Image-backed grounding data
# # #

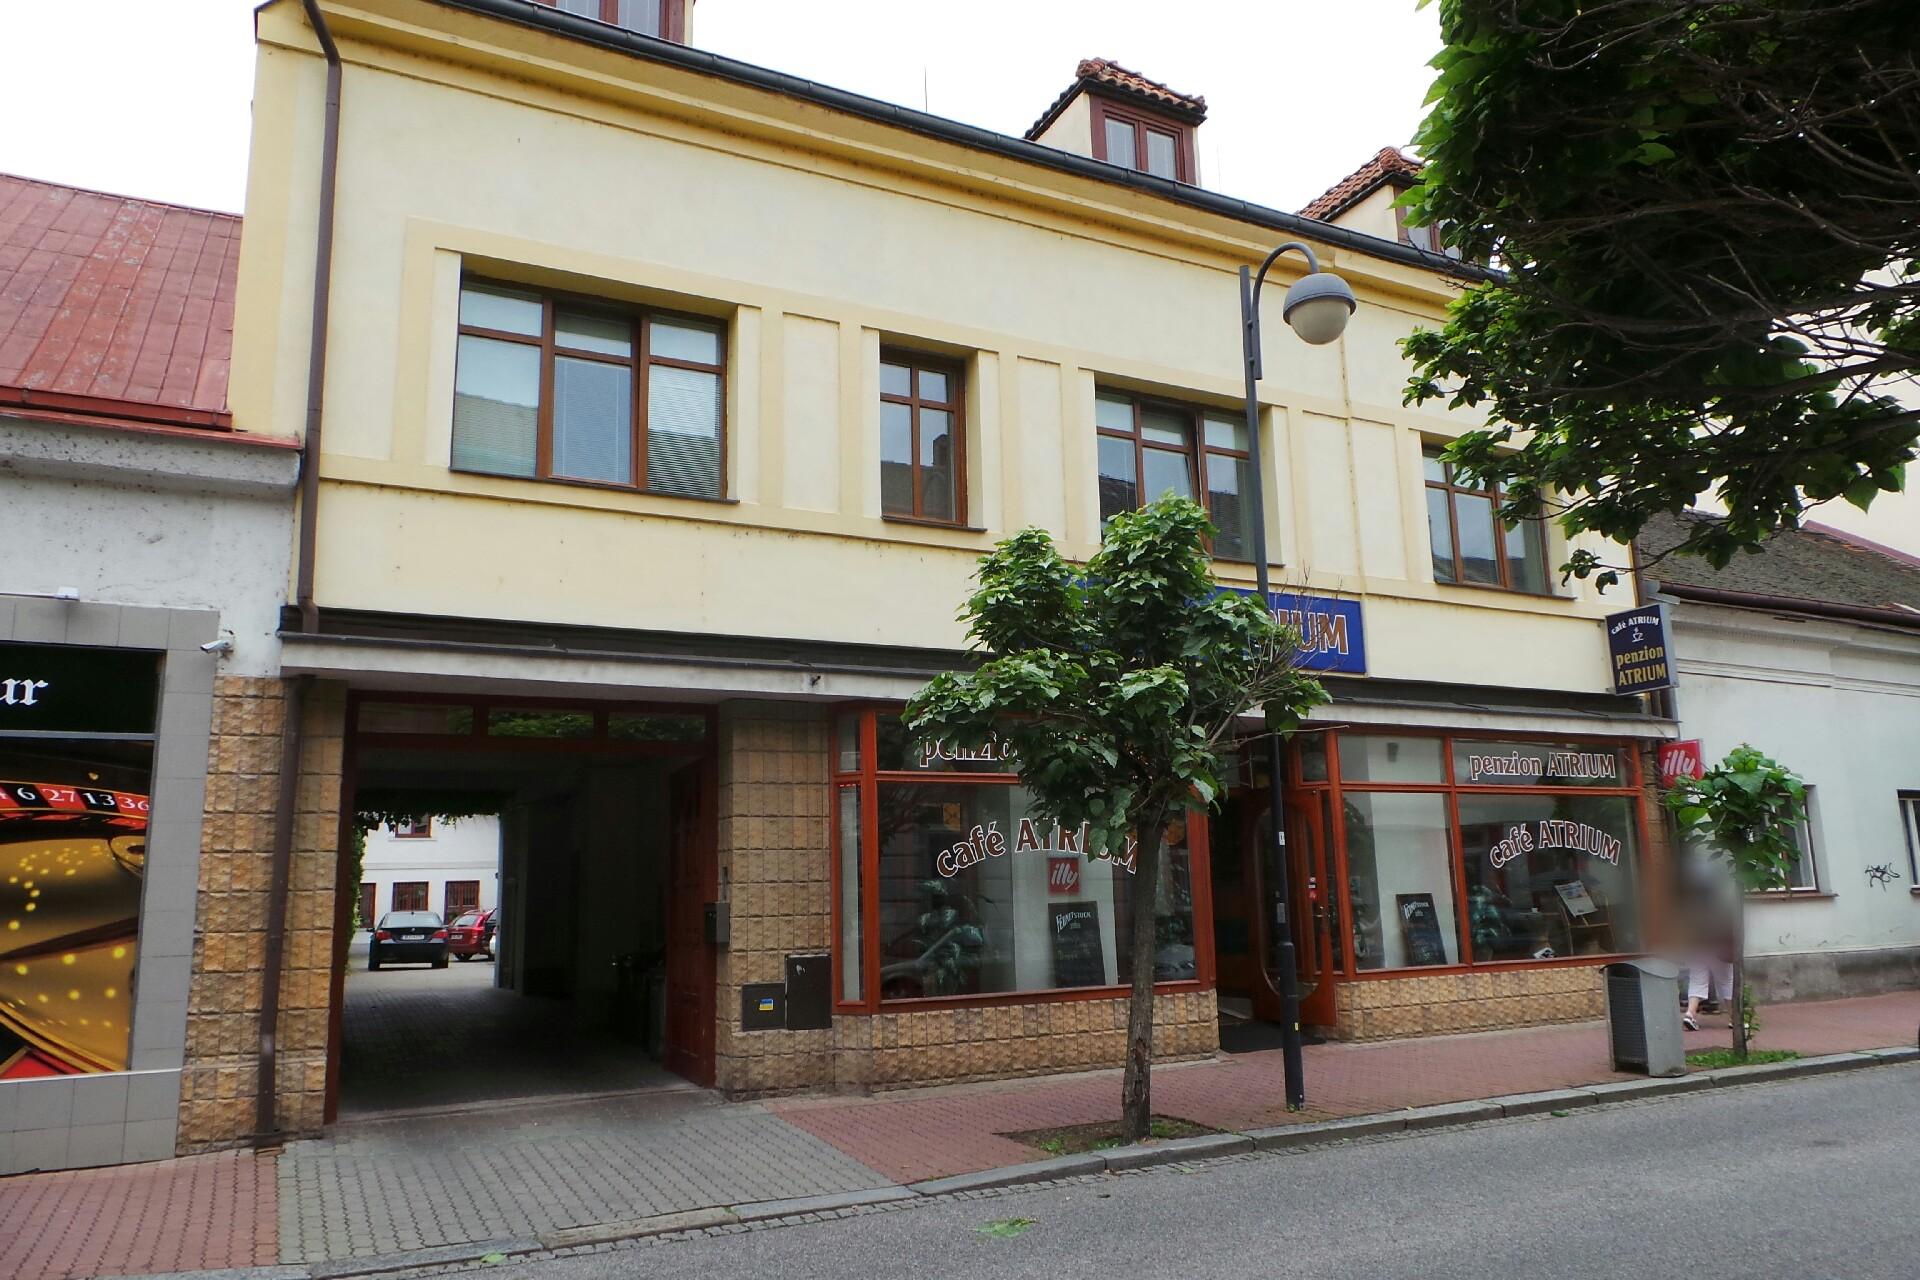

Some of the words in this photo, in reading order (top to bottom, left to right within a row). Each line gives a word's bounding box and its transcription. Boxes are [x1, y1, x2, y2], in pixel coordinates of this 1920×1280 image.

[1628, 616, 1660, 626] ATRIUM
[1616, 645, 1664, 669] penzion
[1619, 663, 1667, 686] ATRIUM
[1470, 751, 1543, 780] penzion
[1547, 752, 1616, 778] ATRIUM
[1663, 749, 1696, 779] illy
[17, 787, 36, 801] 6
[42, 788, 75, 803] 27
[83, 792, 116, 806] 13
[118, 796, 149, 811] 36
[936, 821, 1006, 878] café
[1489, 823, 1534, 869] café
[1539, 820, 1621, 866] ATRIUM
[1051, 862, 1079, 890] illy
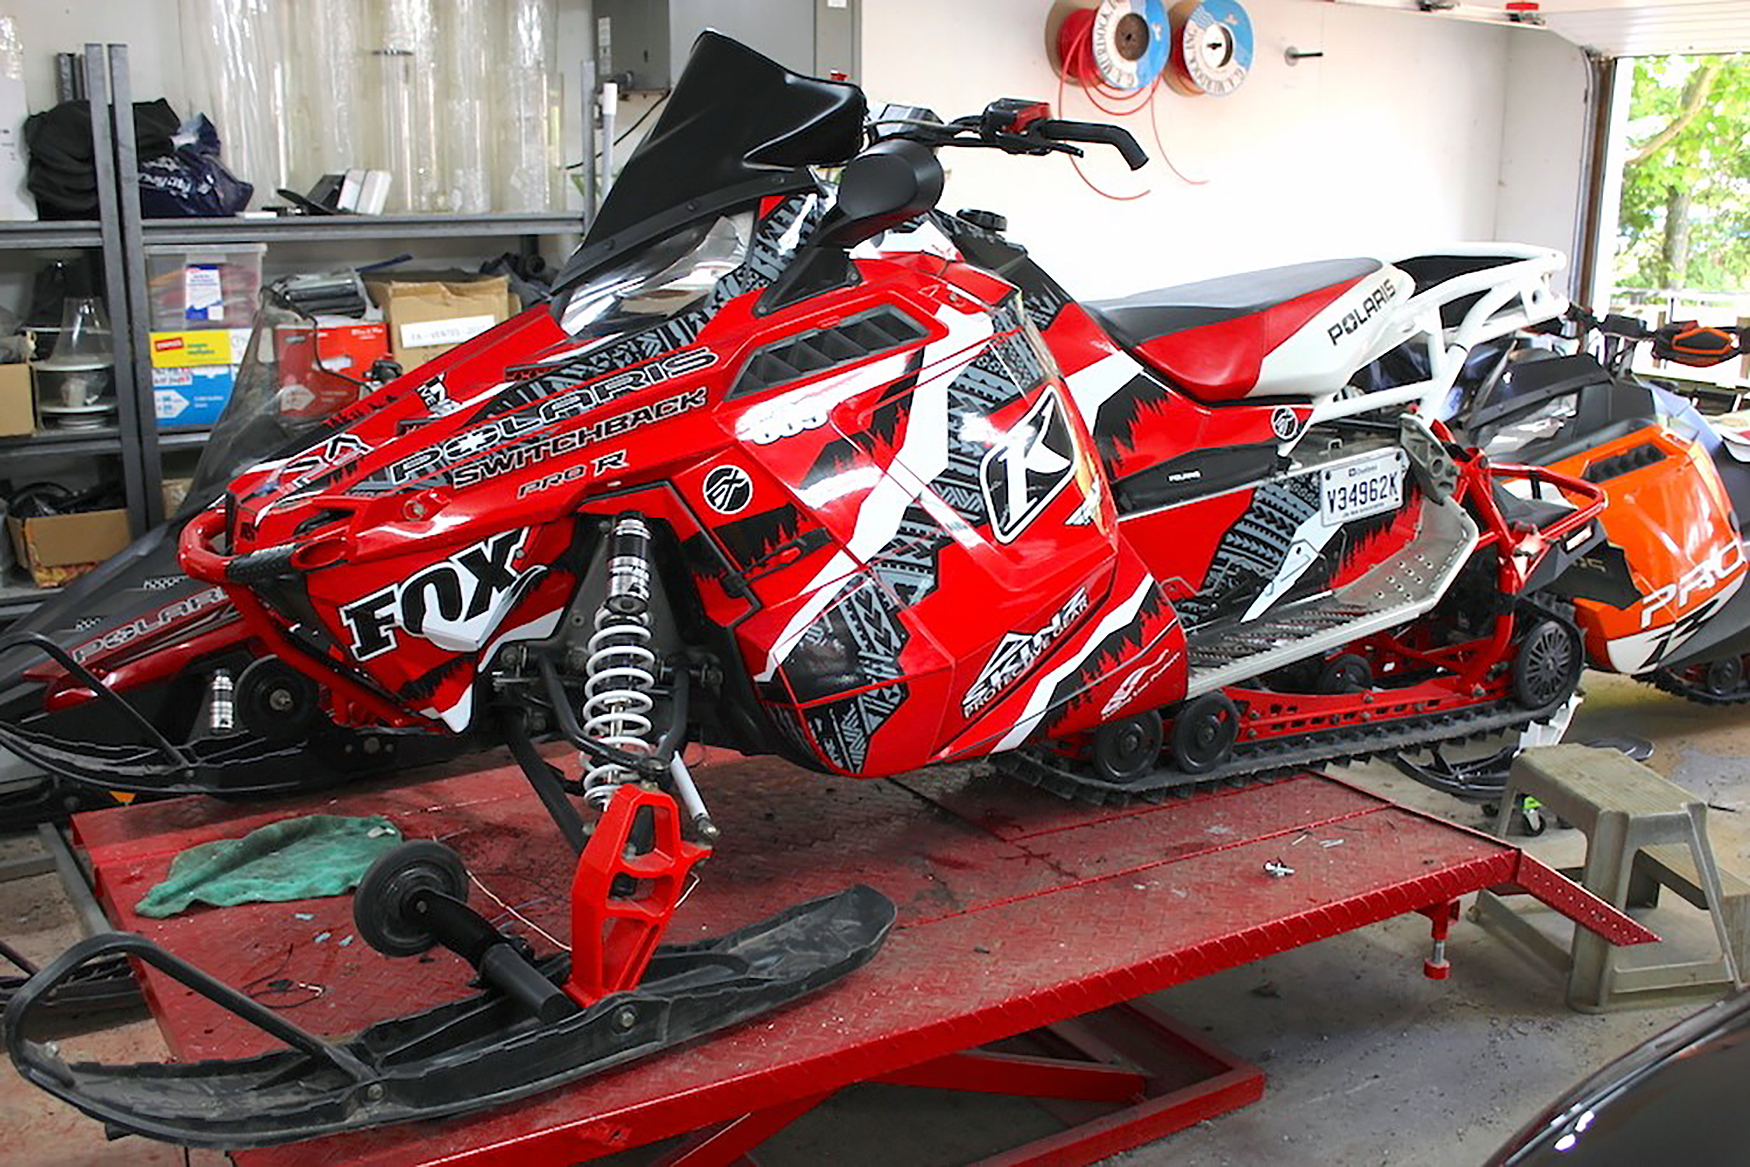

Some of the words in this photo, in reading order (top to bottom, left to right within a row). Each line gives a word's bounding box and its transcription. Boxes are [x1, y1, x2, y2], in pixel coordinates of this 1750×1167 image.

# # #

▶ _Exercise_
Pictures aside, retype all of the entries word for word.

▶ _Answer to this problem_
Some of the words in this photo, in reading order (top to bottom, left to right within a row). Each line gives a word's bounding box and its transcription. Boxes are [x1, y1, x2, y2], in pixel coordinates of this 1920×1280 image.

[1628, 616, 1660, 626] ATRIUM
[1616, 645, 1664, 669] penzion
[1619, 663, 1667, 686] ATRIUM
[1470, 751, 1543, 780] penzion
[1547, 752, 1616, 778] ATRIUM
[1663, 749, 1696, 779] illy
[17, 787, 36, 801] 6
[42, 788, 75, 803] 27
[83, 792, 116, 806] 13
[118, 796, 149, 811] 36
[936, 821, 1006, 878] café
[1489, 823, 1534, 869] café
[1539, 820, 1621, 866] ATRIUM
[1051, 862, 1079, 890] illy

Some of the words in this photo, in reading order (top to bottom, left to right within a row). Each line gives a word's bounding box and its transcription. Boxes are [x1, y1, x2, y2], in pixel coordinates of this 1750×1167 image.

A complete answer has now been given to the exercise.